Les machines sont peut-être modernes, mais les idées sont venues de Johannes Kepler, Isaac Newton et Albert Einstein.

À certains égards, les engins spatiaux ressemblent à des projectiles tirés par un canon. Ils puisent toute leur énergie au début du vol, puis la plupart du temps roulent librement pour le reste du voyage, avec une trajectoire déterminée par les lois de la physique. Grâce à des penseurs profonds du passé, ces lois ont été établies avec une telle précision que nous sommes capables de tirer des roquettes sur une cible mobile à plus de 300 000 km avec un boulet de canon qui met trois jours pour y arriver.

Dès le premier instant où les moteurs de la fusée Space Launch System s’enflamment, Isaac Newton troisième loi du mouvement, entre en jeu. L’action des gaz chauds se dilatant à partir d’une tuyère de fusée provoque une réaction égale et opposée qui soulève la gigantesque machine vers le haut et sur les côtés (en aval, dans la terminologie des fusées), de plus en plus vite et hors de l’atmosphère terrestre.

Au cours de la mission Artemis I, la capsule Orion suivra une orbite complexe en huit pour s’approcher de la Lune et revenir sur Terre. (NASA)

Le mouvement latéral est critique. La fusée doit atteindre, non seulement la bonne hauteur, mais la bonne vitesse, par rapport à la surface de la Terre, pour rester en orbite avant de couper ses moteurs. À ce stade, il est en chute libre, car la gravité l’attire vers la surface de la planète, et sa vitesse précise garantit qu’il manque.

Une autre façon d’y penser, c’est qu’il tourne autour des parois du puits de gravité de la Terre. Albert Einstein décrivait l’espace comme une membrane flexible qui pouvait être étirée et incurvée par la masse, comme la surface d’un trampoline. Imaginez une boule de bowling au centre du trampoline créant une dépression en forme de cône avec le vaisseau spatial comme une balle de baseball roulant autour de lui en suivant la courbe. Cette courbe dans l’espace-temps est ce que nous percevons comme la gravité.
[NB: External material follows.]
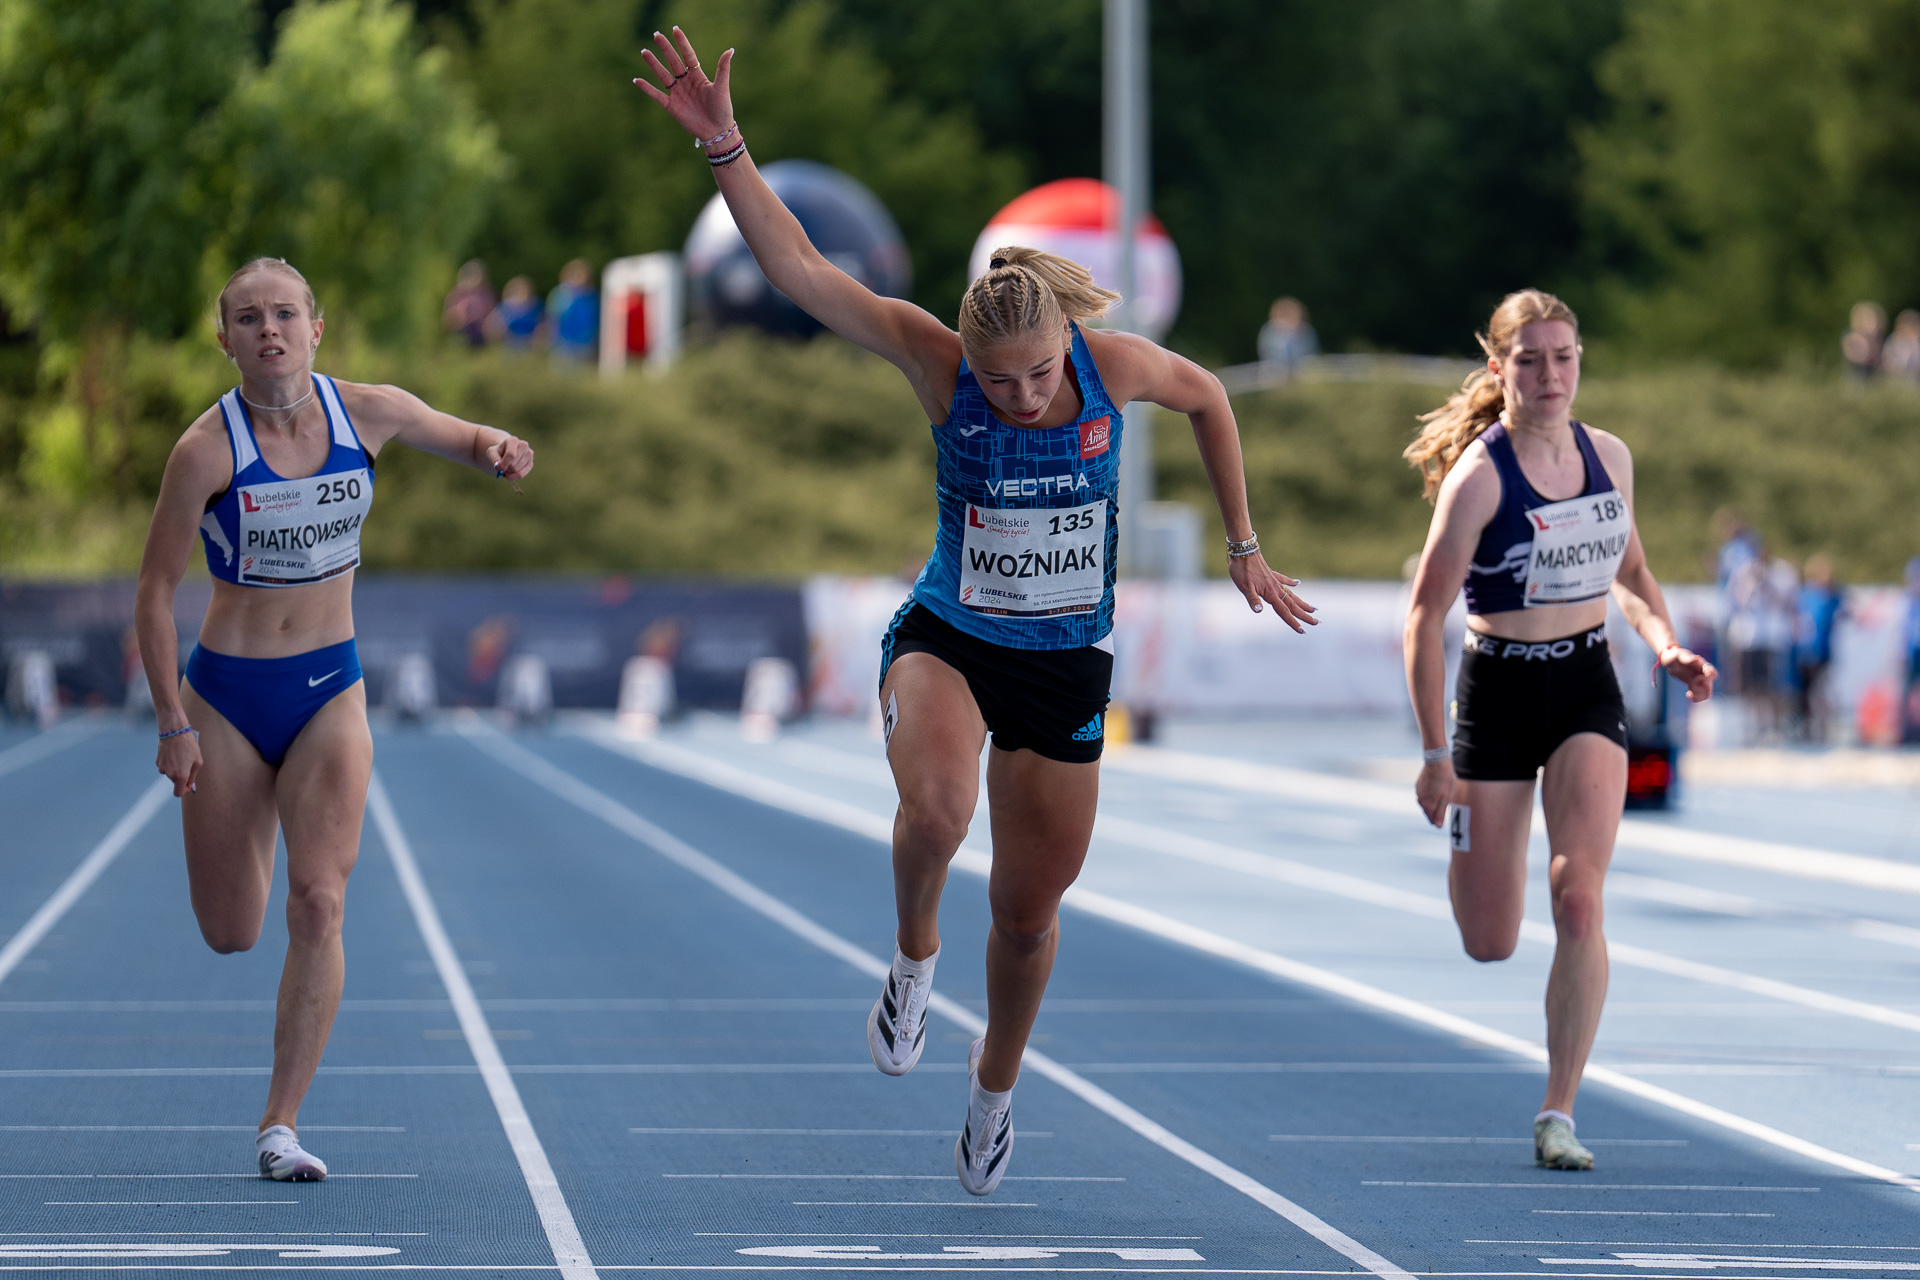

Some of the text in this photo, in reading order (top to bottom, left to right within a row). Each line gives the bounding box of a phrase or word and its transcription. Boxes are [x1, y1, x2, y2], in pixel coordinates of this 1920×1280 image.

Après une orbite autour de la Terre, Newton a été de nouveau appelé alors que le moteur-fusée d’Orion était allumé pour donner au vaisseau spatial la vitesse supplémentaire dont il avait besoin pour sortir du puits de gravité et se diriger vers la lune. Le voyage aller est un chemin incurvé car la Terre et la Lune sont en orbite dans le puits de gravité du soleil, qui s’étend jusqu’au bord du système solaire.

Vue d’artiste du puits gravitationnel de la Terre. (NASA)

Calculer des trajectoires qui prendront en compte tous ces facteurs, et trouver un chemin qui amènera Orion en orbite autour de la lune, est une tâche mathématique ardue. Heureusement, il est possible de résoudre toutes les complexités géométriques en partie grâce aux principes découverts par Johannes Kepler il y a 400 ans. Les lois de Kepler ont été dérivées pour expliquer les trajectoires elliptiques des planètes autour du soleil et calculer les vitesses de déplacement des objets à différentes parties de leurs orbites.

Lorsque le vaisseau spatial quitte le puits de gravité de la Terre, il tombe dans un deuxième puits plus petit créé par la lune. Lorsqu’il arrive sur la lune, le moteur de la fusée est à nouveau déclenché pour ralentir le vaisseau spatial juste assez pour qu’il soit bien capturé par la gravité de la lune et s’y mette sur une orbite précise.

Les forces gravitationnelles changeantes qui guident le vaisseau spatial de la Terre à la Lune et vice-versa ont également été calculées par Newton, qui a découvert que la gravité dépend de la masse d’un objet et de sa proximité. La Lune est plus petite que la Terre, elle exerce donc moins d’attraction gravitationnelle.

Vers 1615, Johannes Kepler est l’astronome allemand qui a élaboré les lois des orbites planétaires. (Archives Hulton/Getty Images)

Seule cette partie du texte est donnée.